[[ PROVIDED RECORDS open ]]
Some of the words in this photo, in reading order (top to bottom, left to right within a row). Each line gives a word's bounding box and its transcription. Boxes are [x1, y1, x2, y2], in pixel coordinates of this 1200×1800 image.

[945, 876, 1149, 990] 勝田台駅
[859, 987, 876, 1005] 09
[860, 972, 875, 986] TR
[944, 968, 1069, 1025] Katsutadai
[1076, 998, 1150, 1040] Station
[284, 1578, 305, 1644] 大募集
[[ PROVIDED RECORDS closed ]]
• PROBLEM DETAILS
Take the entries above and copy them out exactly.

• ANSWER FOR THIS EXERCISE
Some of the words in this photo, in reading order (top to bottom, left to right within a row). Each line gives a word's bounding box and its transcription. Boxes are [x1, y1, x2, y2], in pixel coordinates of this 1200×1800 image.

[945, 876, 1149, 990] 勝田台駅
[859, 987, 876, 1005] 09
[860, 972, 875, 986] TR
[944, 968, 1069, 1025] Katsutadai
[1076, 998, 1150, 1040] Station
[284, 1578, 305, 1644] 大募集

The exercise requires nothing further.